Rustoleum marine paint at Lowes and HD


----------



## Finsleft258 (Oct 7, 2018)

Fishtex said:


> We use their aircraft coatings weekly, very good stuff. They have a lot of commercial coatings including a selection of marine coatings. I believe the Seaguard epoxy might be what you’re after. https://protective.sherwin-williams...ate.jsp?N=23&Ns=p_name|0||p_sku_display_order


Seaguard is extremely thick. It will not provide a good cosmetic finish unless it's heated or thinned quite a bit with xylene. It's meant to be a anticorrosive barrier on steel and aluminum hulls. Rolling will leave a poor profile as well.


----------



## No Bait / Lures Only (Apr 10, 2011)

BassFlats said:


> Rustoleum marine paint at Lowes and HD


Nuttin but d bes!


----------



## trekker (Sep 19, 2015)

Valspar Rust Armor. Buy the hardner additive and you've got a durable paint for chump change. Get it in any color too.


----------



## weldandglass (Sep 29, 2009)

Polylon HP is one of Sherwin Williams two part polyurethanes that has fairly gloss and is similar in application and durability to the two part systems like awlgrip, sterling, etc. 

I've experimented with this paint and another of their two part paint systems on boats I've built (hi-solids, I'm fairly certain) and liked the paints relatively well. They don't roll and tip worth a crap (probably because they don't have a reducer formulated for that purpose) so you have to spray them to get a decent finish. 

Both of these products are best applied over an epoxy primer and Sherwin Williams sells an epoxy primer called macropoxy that very reasonably priced.
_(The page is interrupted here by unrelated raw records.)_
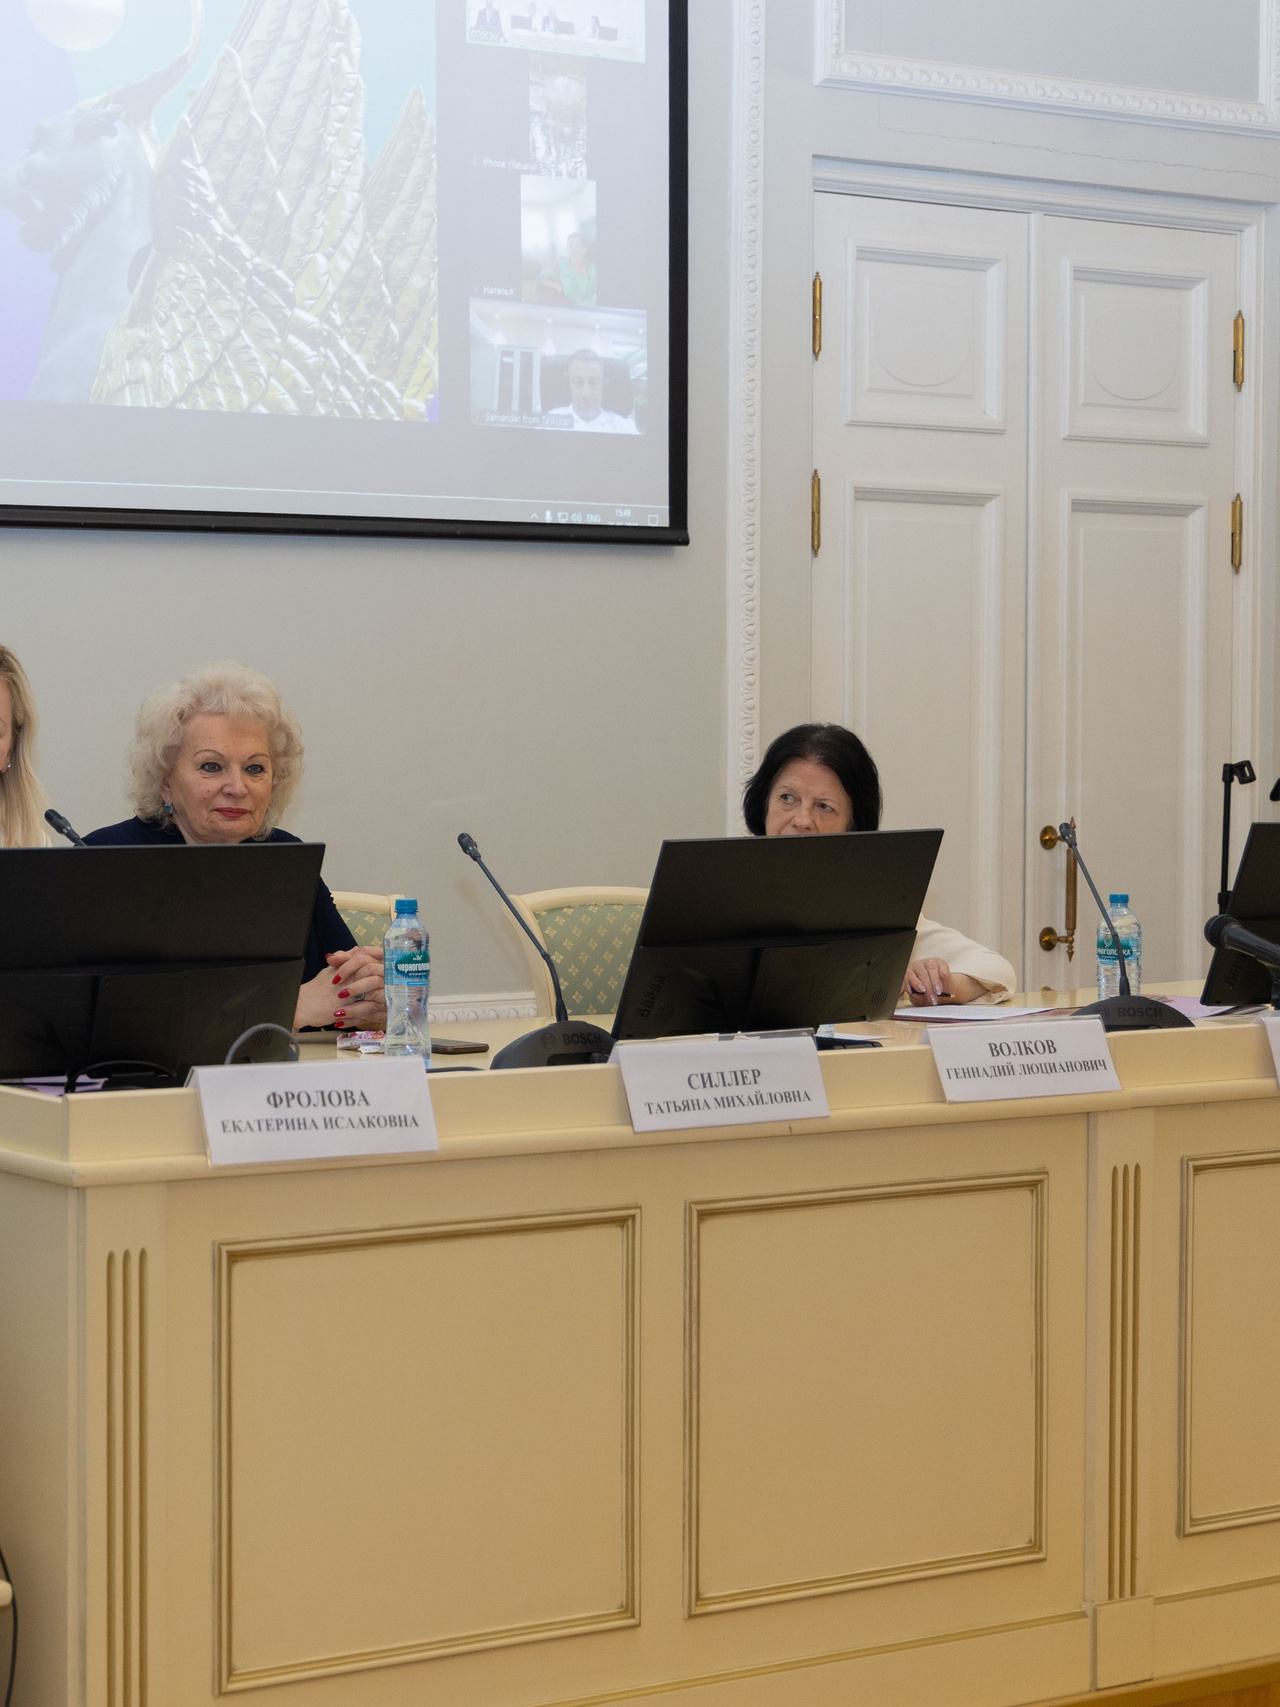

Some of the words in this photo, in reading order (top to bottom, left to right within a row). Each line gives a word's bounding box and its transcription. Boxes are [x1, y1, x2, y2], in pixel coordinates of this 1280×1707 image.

[482, 158, 507, 168] iPhone
[522, 414, 539, 424] from
[586, 513, 601, 523] ENG
[1117, 1007, 1162, 1018] BOSCH
[562, 1031, 602, 1045] BOSCH
[988, 1039, 1057, 1057] ВОЛКОВ
[946, 1062, 1015, 1079] ГЕННАДИЙ
[1019, 1059, 1108, 1076] ЛЮЦИАНОВИЧ
[687, 1068, 761, 1090] СИЛЛЕР
[266, 1089, 370, 1109] ФРОЛОВА
[644, 1101, 711, 1115] ТАТЬЯНА
[714, 1090, 811, 1109] МИХАЙЛОВНА
[221, 1117, 319, 1133] ЕКАТЕРИНА
[323, 1115, 419, 1130] ИСААКОВНА
If a really high gloss, quality finish is what you're after then I would go with awlgrip. If you just want a durable paint that looks pretty decent, polylon HP or the hi-solids systems might be suitable for you.

Also, the cheap, one-part systems mentioned above will never have the adhesion, durability and hardness that the two part systems have.


----------



## Fishtex (May 10, 2014)

Panamakid said:


> Fishtex,
> What do you use it on? Aircraft Carriers?
> I called the local store and he said his clients are industrial vessels so did not know what a small fiberglass boat would need. If it worked out I could save $200 but I don't want to do the painting and sanding twice.
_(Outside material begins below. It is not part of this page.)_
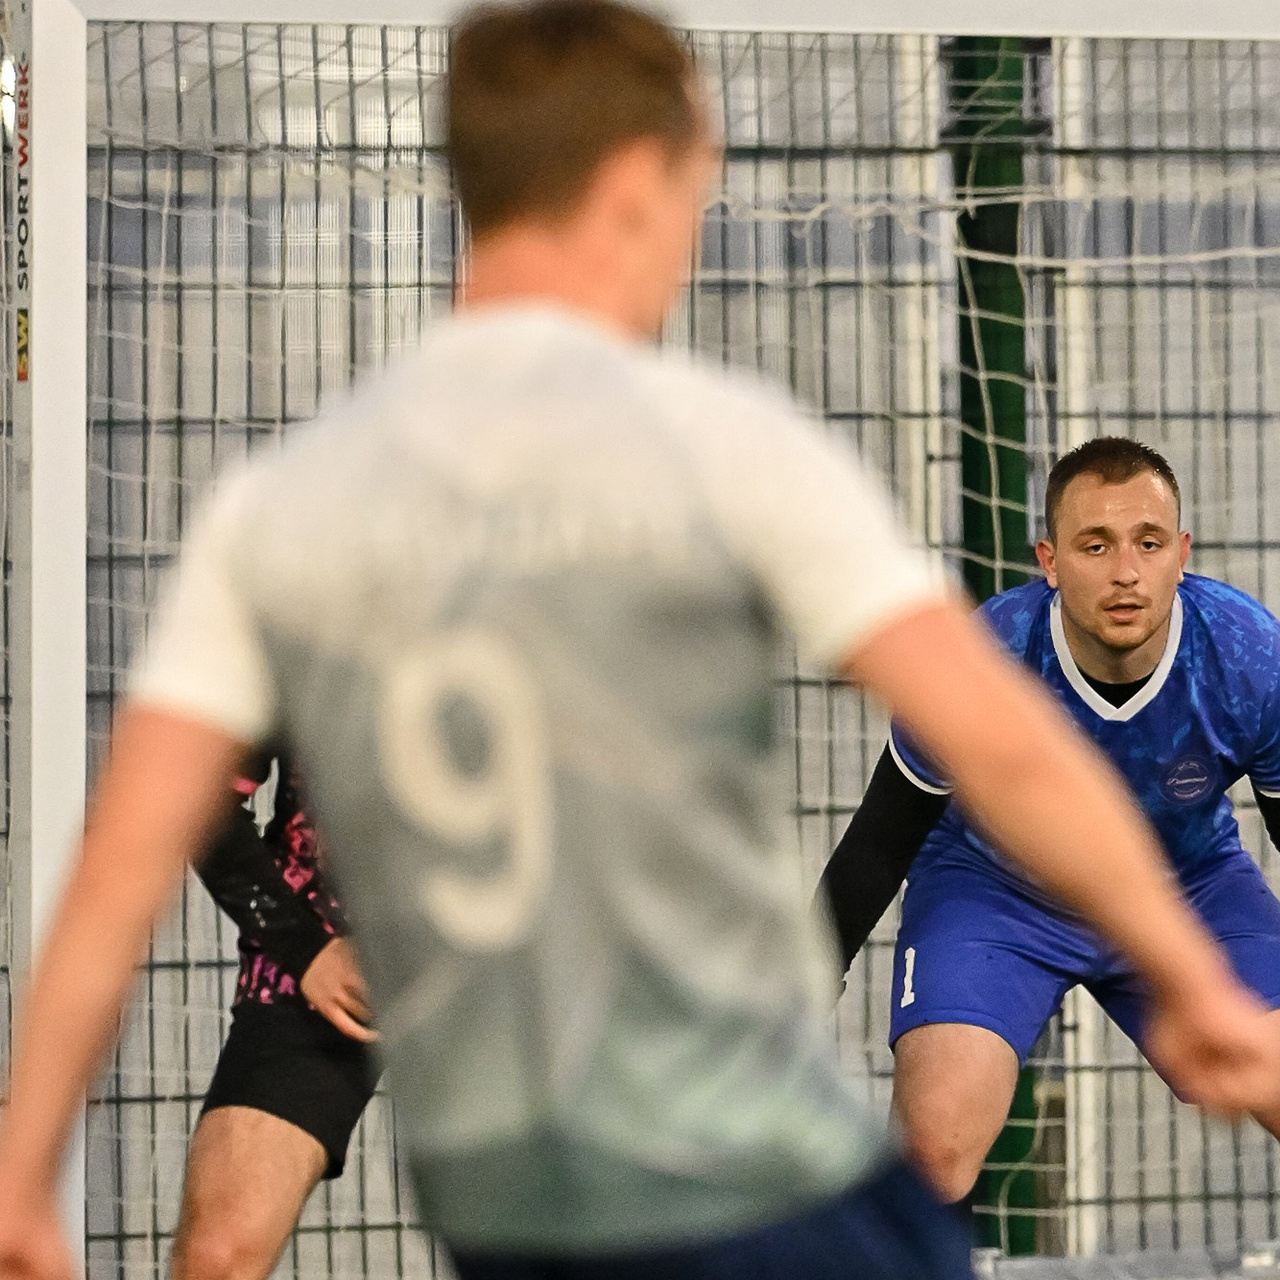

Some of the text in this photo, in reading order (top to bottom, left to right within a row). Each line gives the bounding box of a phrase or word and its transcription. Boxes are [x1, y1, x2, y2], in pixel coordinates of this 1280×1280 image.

We’re painting UAV’s and it’s usually Polane, and yes they do paint aircraft carriers with SW marine paints. We paint based on what’s called out on the print. You can see the mil specs on each paint, primer or coating. (It’s a two part polyurethane). Navy customers had a different spec but I can’t remember which combo of primer/paint they used, sorry about that. 
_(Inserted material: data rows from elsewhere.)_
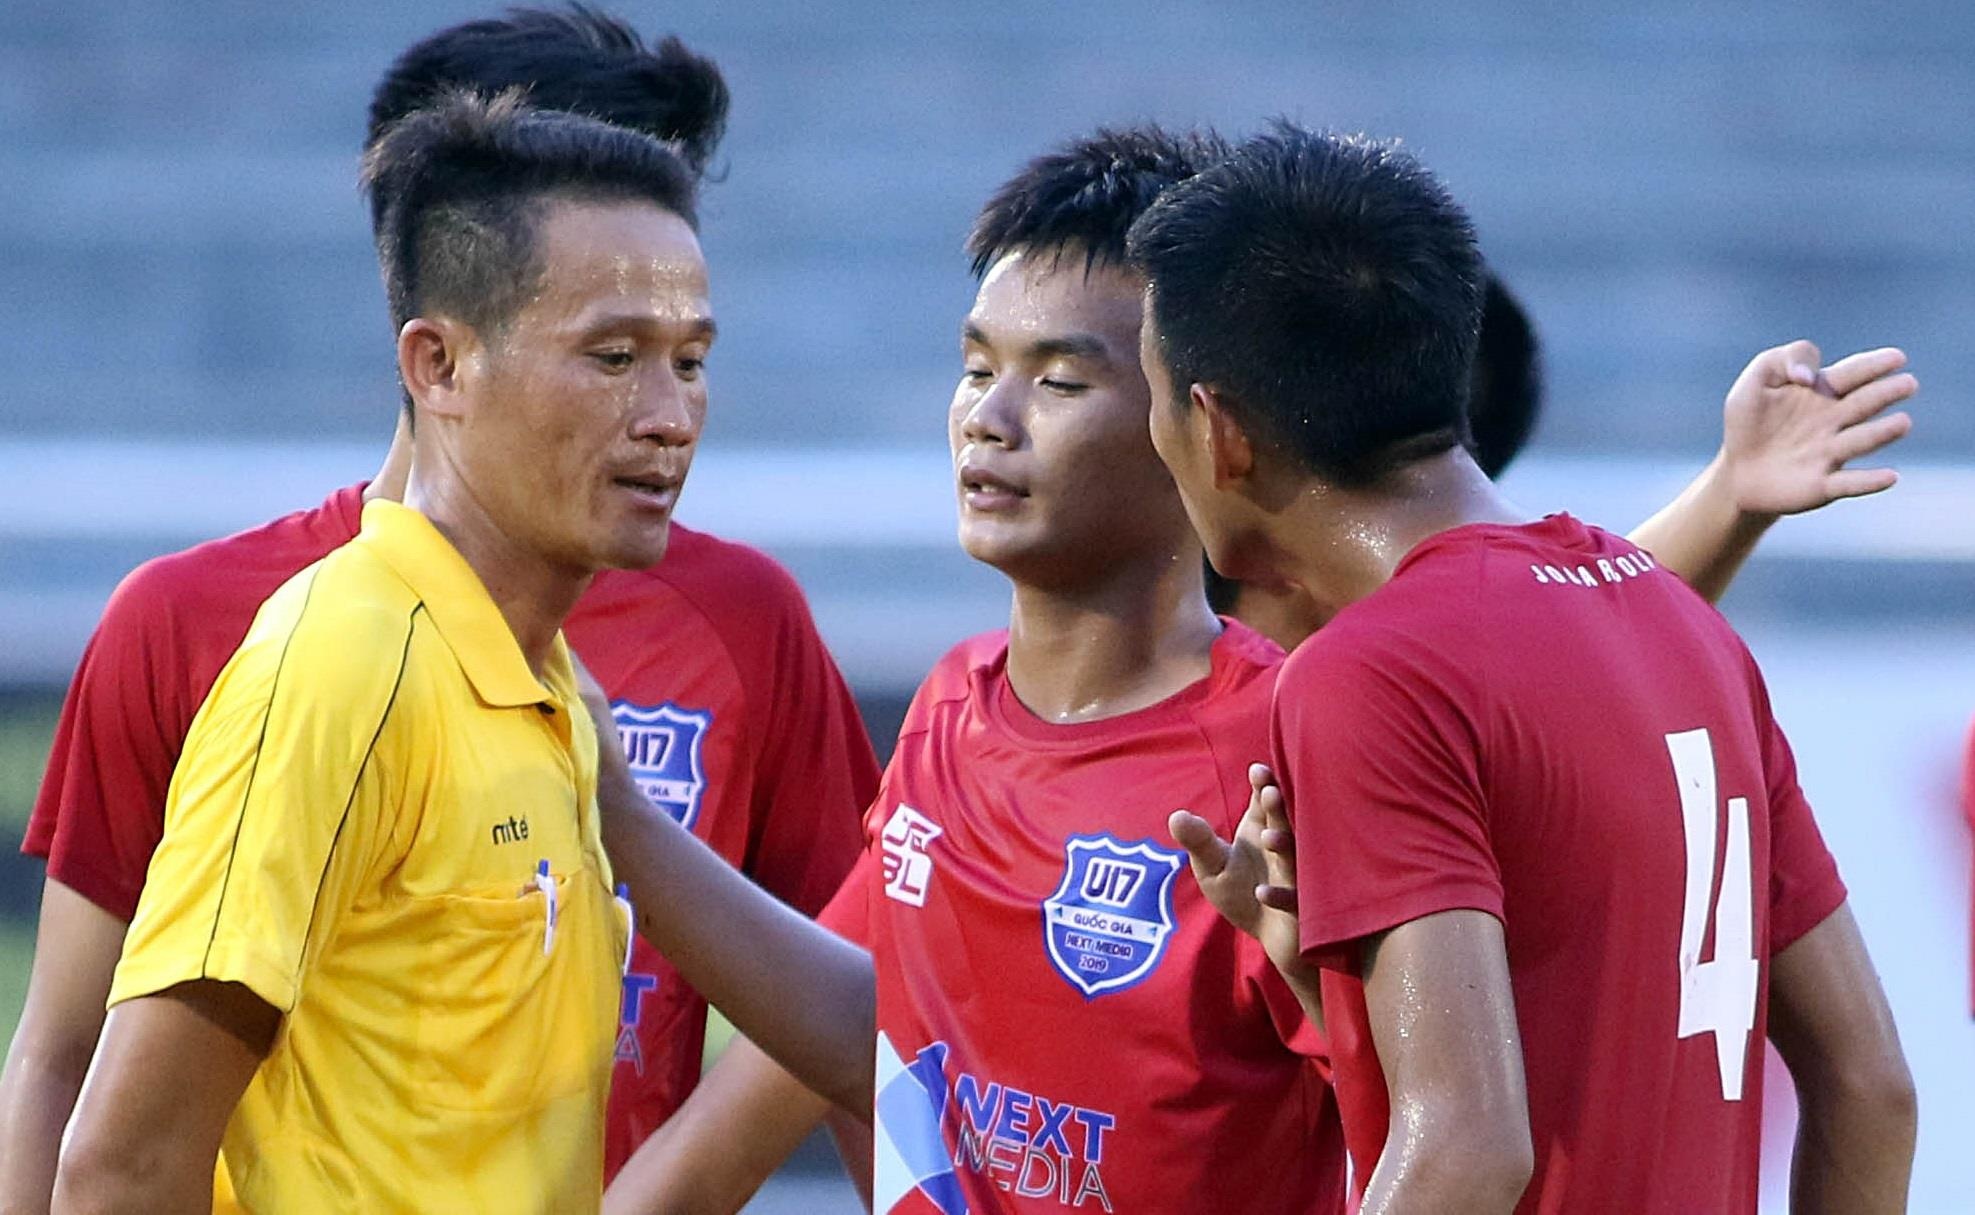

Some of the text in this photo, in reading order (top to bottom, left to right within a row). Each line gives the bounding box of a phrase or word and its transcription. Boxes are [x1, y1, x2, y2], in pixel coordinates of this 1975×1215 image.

[1530, 564, 1599, 588] JOLA
[1083, 860, 1143, 905] U17
[1664, 727, 1760, 1102] 4
[1110, 920, 1134, 936] GIA
[1065, 932, 1134, 958] NEXT MEDIA
[1080, 954, 1108, 972] 2019
[954, 1072, 1116, 1166] NEXT
I can see wanting to use that discount but you need to be able to get the results you are after, cheaper and bad finish is not a good combo. For example, Roll and tip Awlgrip or Sterling is doable by most non pros but if you want to go with Sherwin-Williams, you’ll probably need to spray. I’d just call support or send an email and describe exactly what you’re after and they can recommend, they have helped me in the past and it worked out fine. 

Keep in mind, these guys are used to commercial/industrial/Aero-Def customers. A lot of the marine stuff is all about corrosion protection which is not the concern here. They will recommend certain primers for certain substrates but may change based on temps or whether you are brushing/rolling or spraying. They’ll also have reducers they like, etc. I had a guy that used to paint airplanes and he had all kinds of combos he liked, from years of experience. 

In any case the Sherwin-Williams stuff is top notch but it’s damn expensive and may not be the easiest to use in some applications. 

BTW, System 3 primer gets good reviews from everyone I’ve spoken with. Use quality two part systems and do the job once, it’ll be worth it when it’s time to sell. YMMV. Good luck.


----------